Tuesday, August 4, 2015

What is PM?

From time to time I put my mind to the characterisation of project management. What, I ask myself, is it? This usually occurs when I consider approaches to training staff to think about projects, rather than simply learn a few techniques absent a theoretical structure that will orient them in the practice.

Is a project a choice reduction machine, a transformation machine, or as Koskela puts it a means of managing flow. Flow I like, as long as the flow includes information, its creation and management.

My starting point is the people who form the project: at the start they constitute a 'community of intent'. What's special about that, you ask. The special thing is that it is free agents coming together form different perspectives to contribute to an outcome.
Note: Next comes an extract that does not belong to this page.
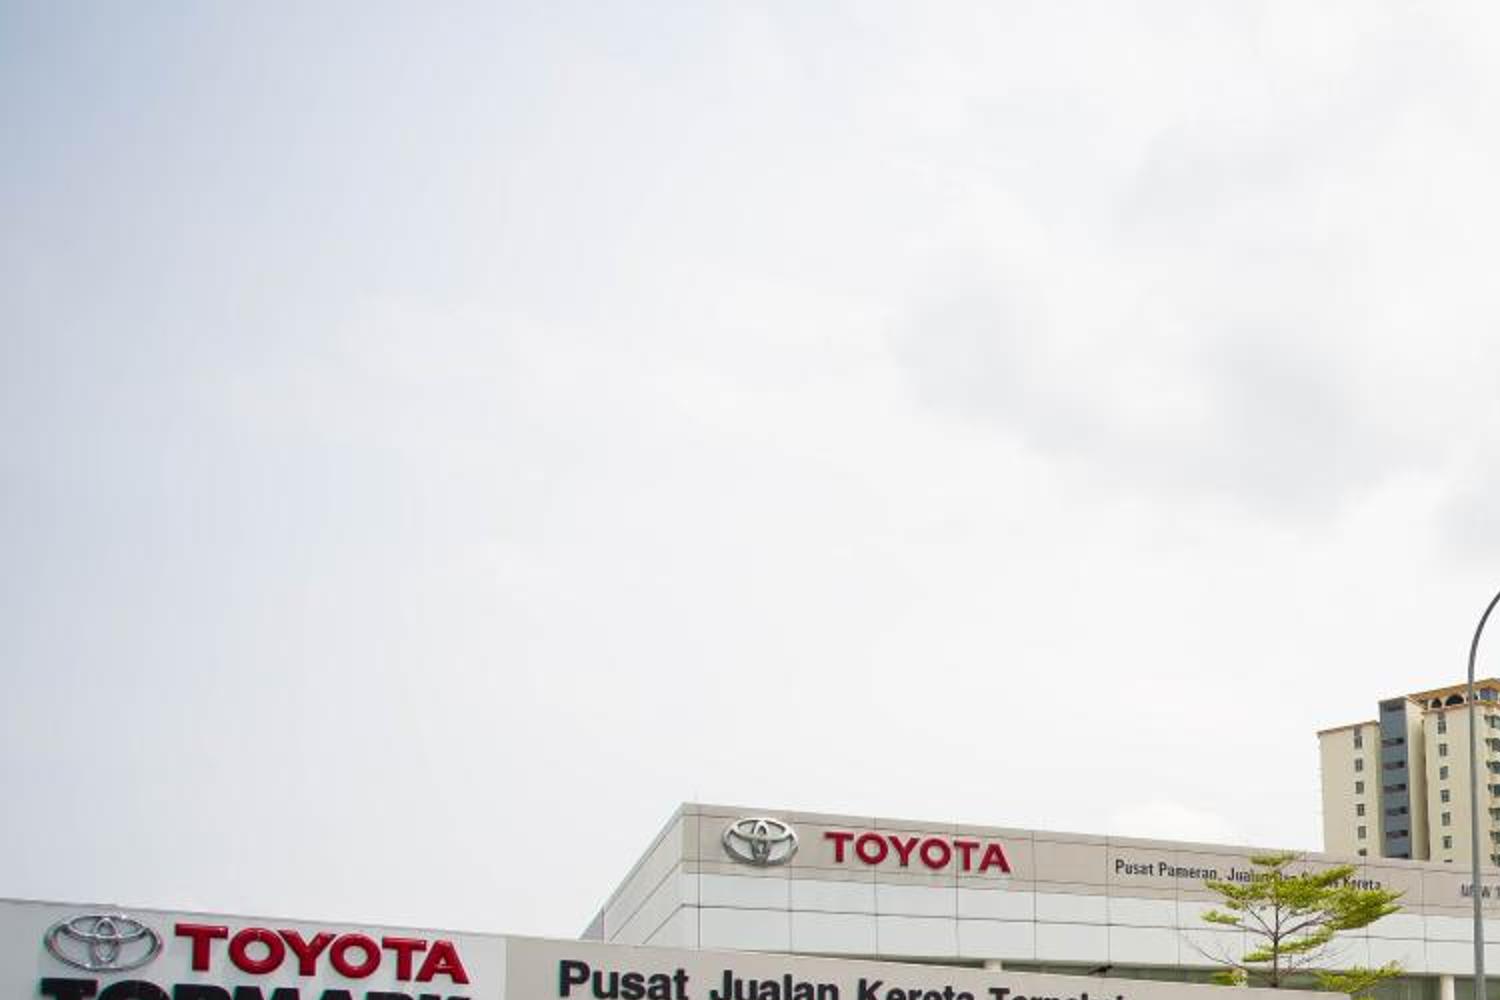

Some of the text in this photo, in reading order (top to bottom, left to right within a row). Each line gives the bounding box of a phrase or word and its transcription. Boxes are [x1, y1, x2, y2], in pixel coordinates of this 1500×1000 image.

All management is about this, I suppose, but in project land, the community is for action that will take an organisation from a dissonant  relationship with its business environment to one in equilibrium. The dissonance might be a problem, a deficiency or an opportunity. The dissonance provides impetus for action by bringing the business to a a more stable relationship to its environment that produces the sought benefits.

Equilibrium doesn't mean smooth sailing, but that a point of dissonance has been dealt with: a new product, capability or investment available that deals with an opportunity or deficiency in the previous relationship with the environment.

Not yet a theory, of course, but that's how I think about it. Without a theory we have merely a collection of techniques with no home. We need the home.

BTW, list of Koskela's papers.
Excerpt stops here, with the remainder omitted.